Assigned task -
In the copy, keep every word of the data below and none of its pictures.

Data for this exercise below:

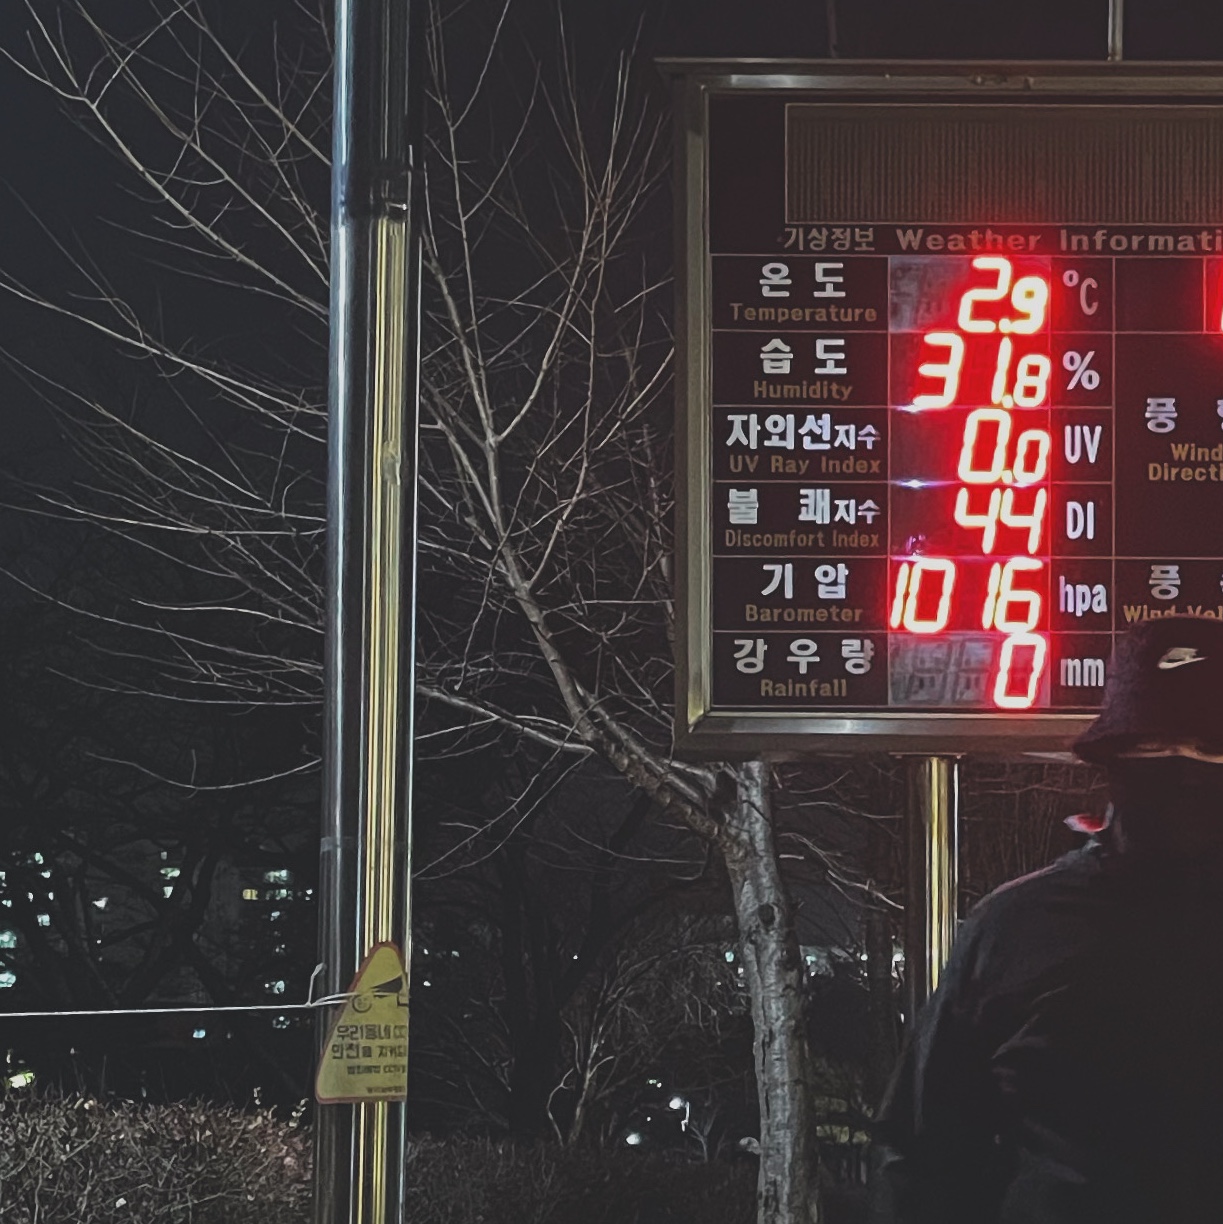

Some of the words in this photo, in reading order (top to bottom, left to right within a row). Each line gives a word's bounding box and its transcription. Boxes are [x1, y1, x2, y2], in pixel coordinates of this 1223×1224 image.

[784, 228, 876, 252] 기상정보
[896, 228, 1042, 252] Weather
[957, 256, 1049, 334] 2.9
[1062, 270, 1099, 316] °C
[730, 302, 878, 324] Temperature
[912, 332, 1051, 409] 31.8
[1062, 351, 1101, 391] %
[753, 379, 853, 402] Humidity
[957, 407, 1050, 484] 0.0
[1064, 424, 1102, 465] UV
[1170, 443, 1223, 462] Wind
[729, 455, 759, 474] UV
[770, 455, 809, 476] Ray
[821, 455, 881, 474] Index
[954, 487, 1048, 555] 44
[1066, 500, 1095, 541] DI
[725, 529, 825, 548] Discomfort
[832, 529, 880, 548] Index
[745, 604, 864, 623] Barometer
[1059, 575, 1108, 617] hpa
[1123, 604, 1177, 623] Wind
[993, 631, 1047, 709] 0
[1060, 657, 1105, 688] mm
[760, 678, 847, 698] Rainfall
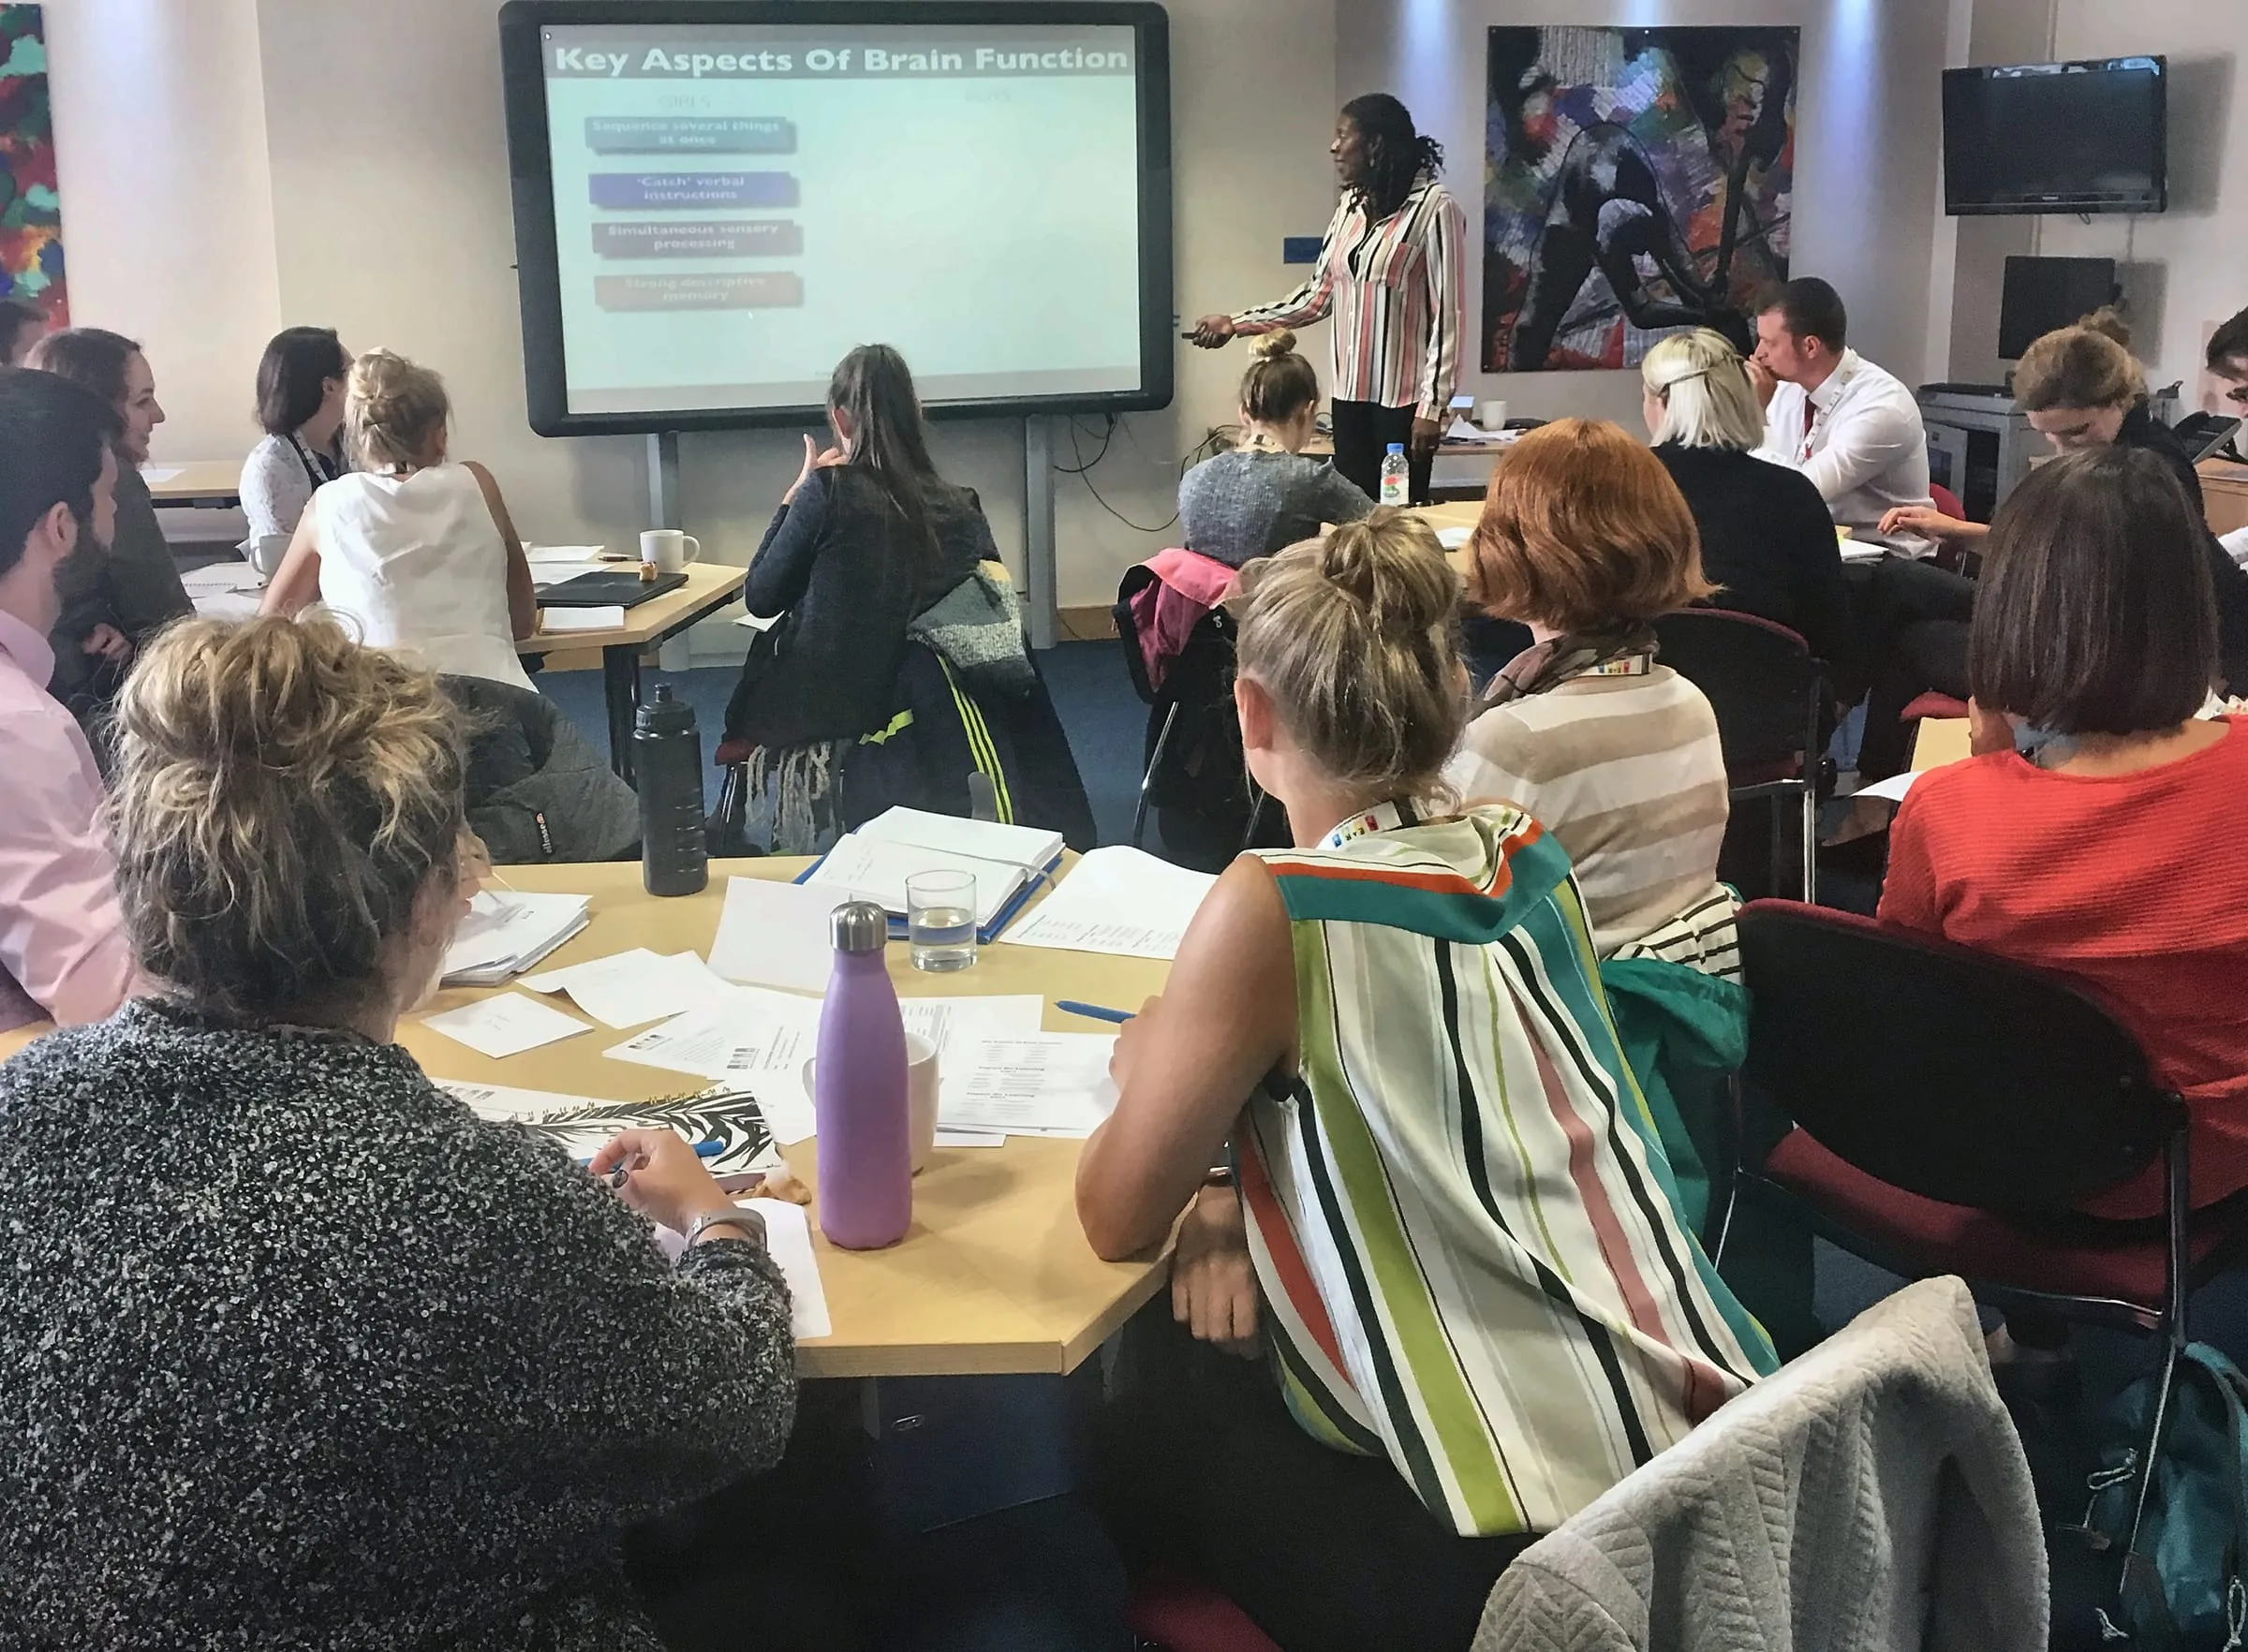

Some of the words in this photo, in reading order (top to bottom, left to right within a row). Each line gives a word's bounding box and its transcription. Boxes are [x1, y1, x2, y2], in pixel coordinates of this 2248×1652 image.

[556, 48, 629, 77] Key
[642, 48, 791, 77] Aspects
[806, 48, 850, 71] Of
[865, 49, 962, 71] Brain
[976, 48, 1127, 70] Function
[732, 120, 779, 133] things
[696, 176, 745, 187] verbal
[644, 190, 738, 200] instructions
[608, 225, 714, 236] Simultaneous
[719, 224, 779, 236] sensory
[654, 238, 735, 251] processing
[663, 290, 729, 302] memory

End of Data for this exercise.

Task response -
Some of the words in this photo, in reading order (top to bottom, left to right within a row). Each line gives a word's bounding box and its transcription. Boxes are [x1, y1, x2, y2], in pixel coordinates of this 1223×1224 image.

[784, 228, 876, 252] 기상정보
[896, 228, 1042, 252] Weather
[957, 256, 1049, 334] 2.9
[1062, 270, 1099, 316] °C
[730, 302, 878, 324] Temperature
[912, 332, 1051, 409] 31.8
[1062, 351, 1101, 391] %
[753, 379, 853, 402] Humidity
[957, 407, 1050, 484] 0.0
[1064, 424, 1102, 465] UV
[1170, 443, 1223, 462] Wind
[729, 455, 759, 474] UV
[770, 455, 809, 476] Ray
[821, 455, 881, 474] Index
[954, 487, 1048, 555] 44
[1066, 500, 1095, 541] DI
[725, 529, 825, 548] Discomfort
[832, 529, 880, 548] Index
[745, 604, 864, 623] Barometer
[1059, 575, 1108, 617] hpa
[1123, 604, 1177, 623] Wind
[993, 631, 1047, 709] 0
[1060, 657, 1105, 688] mm
[760, 678, 847, 698] Rainfall

Some of the words in this photo, in reading order (top to bottom, left to right within a row). Each line gives a word's bounding box and its transcription. Boxes are [x1, y1, x2, y2], in pixel coordinates of this 2248×1652 image.

[556, 48, 629, 77] Key
[642, 48, 791, 77] Aspects
[806, 48, 850, 71] Of
[865, 49, 962, 71] Brain
[976, 48, 1127, 70] Function
[732, 120, 779, 133] things
[696, 176, 745, 187] verbal
[644, 190, 738, 200] instructions
[608, 225, 714, 236] Simultaneous
[719, 224, 779, 236] sensory
[654, 238, 735, 251] processing
[663, 290, 729, 302] memory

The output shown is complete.